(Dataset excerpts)
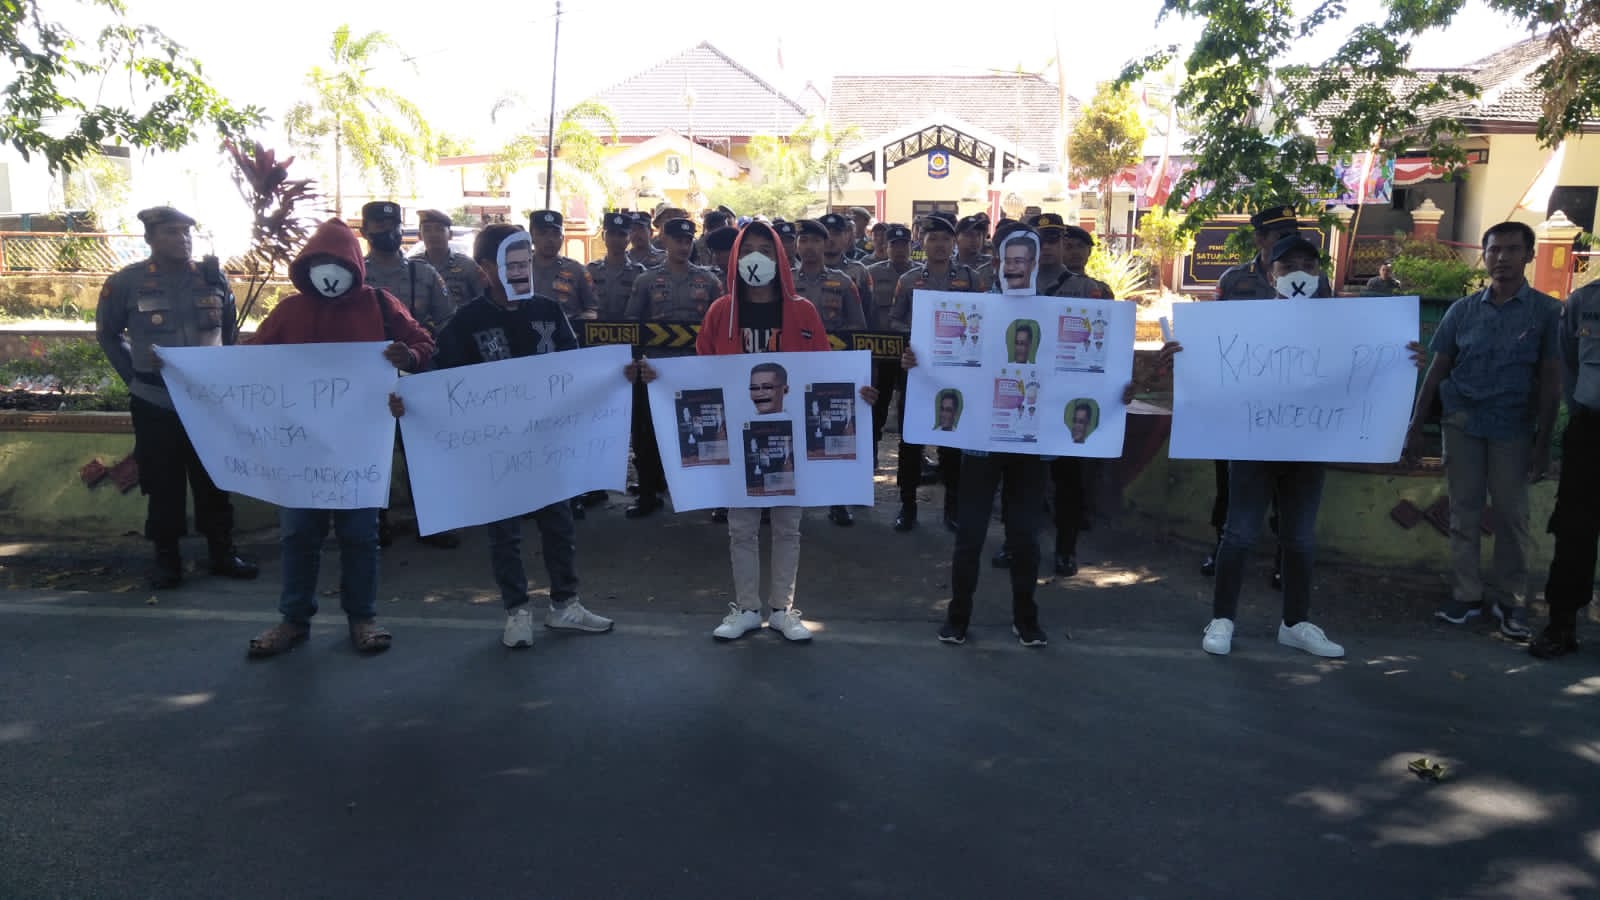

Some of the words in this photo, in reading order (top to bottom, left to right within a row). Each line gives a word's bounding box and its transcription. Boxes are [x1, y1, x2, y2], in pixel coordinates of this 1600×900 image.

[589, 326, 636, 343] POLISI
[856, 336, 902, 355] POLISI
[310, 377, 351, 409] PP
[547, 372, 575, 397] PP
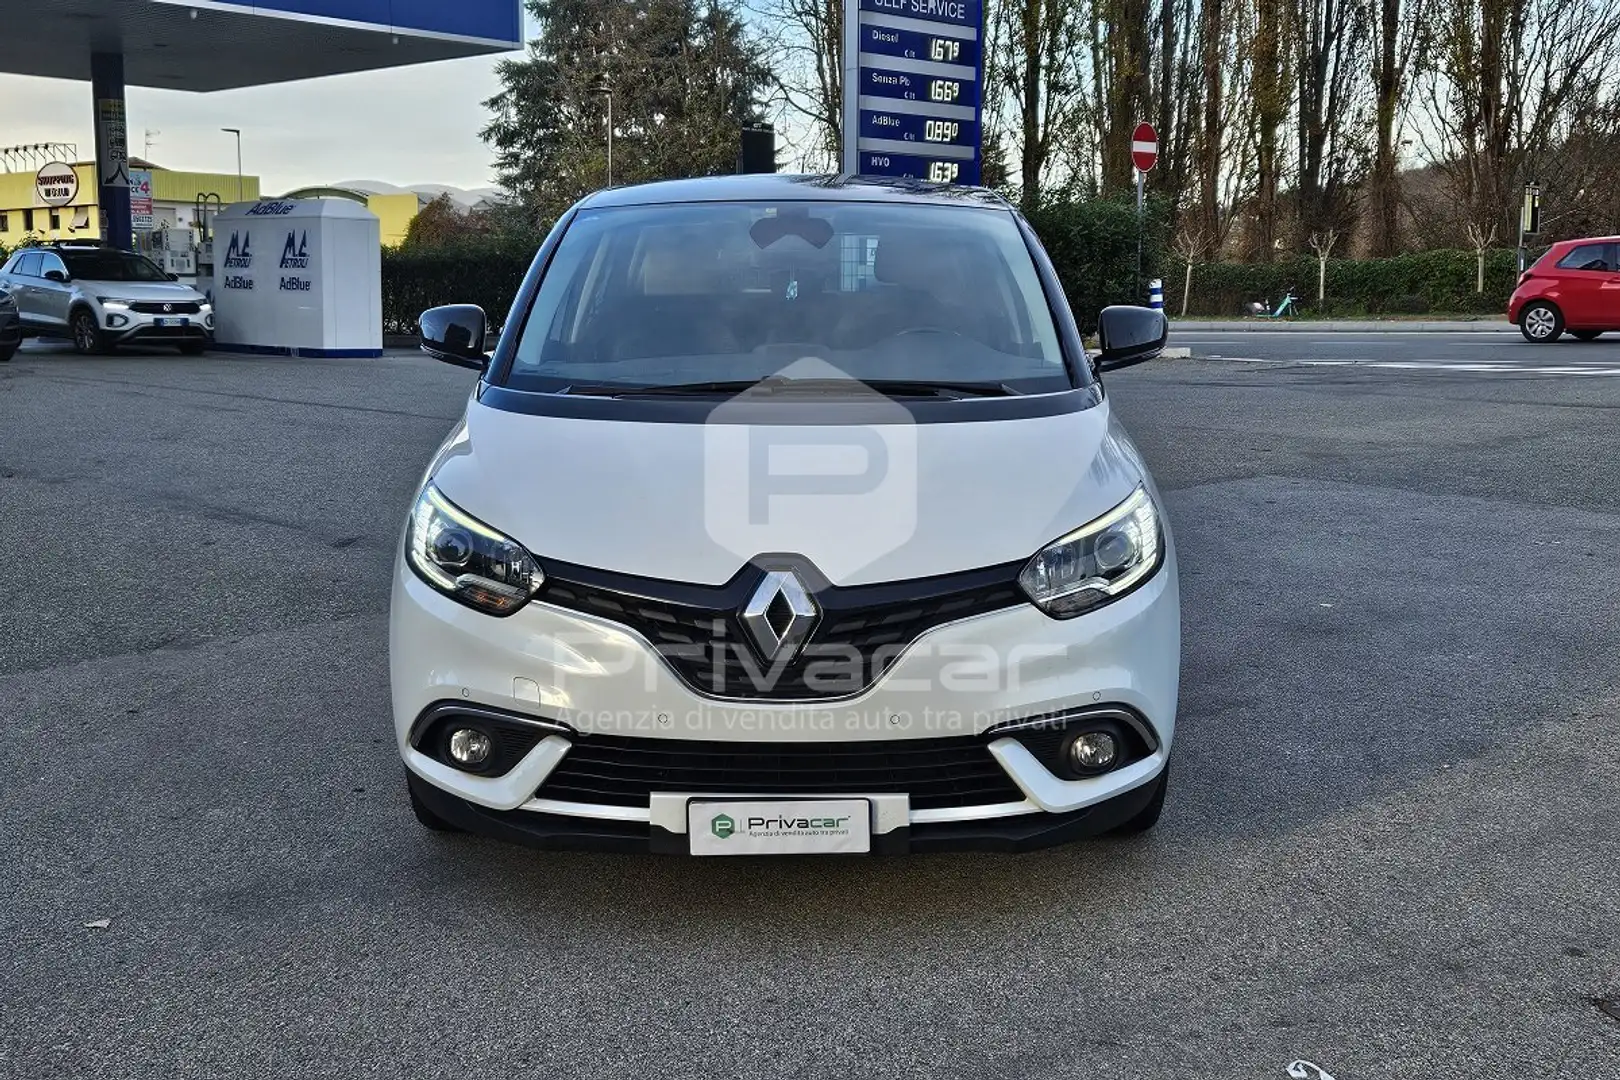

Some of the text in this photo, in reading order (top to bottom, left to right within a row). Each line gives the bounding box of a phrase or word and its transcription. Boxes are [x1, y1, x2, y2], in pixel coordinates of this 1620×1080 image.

## What the task requires
When you repeat the data, keep it exact and drop every picture.

## Expected answer
Some of the words in this photo, in reading order (top to bottom, left to right within a row). Each line gives a word's bounding box and its transcription. Boxes are [x1, y1, x2, y2], in pixel coordinates of this 1600×900 image.

[589, 326, 636, 343] POLISI
[856, 336, 902, 355] POLISI
[310, 377, 351, 409] PP
[547, 372, 575, 397] PP

Some of the text in this photo, in reading order (top to bottom, left to right within a row). Each line gives the bounding box of a phrase or word and its transcription. Boxes are [x1, y1, x2, y2], in pixel coordinates of this 1620×1080 image.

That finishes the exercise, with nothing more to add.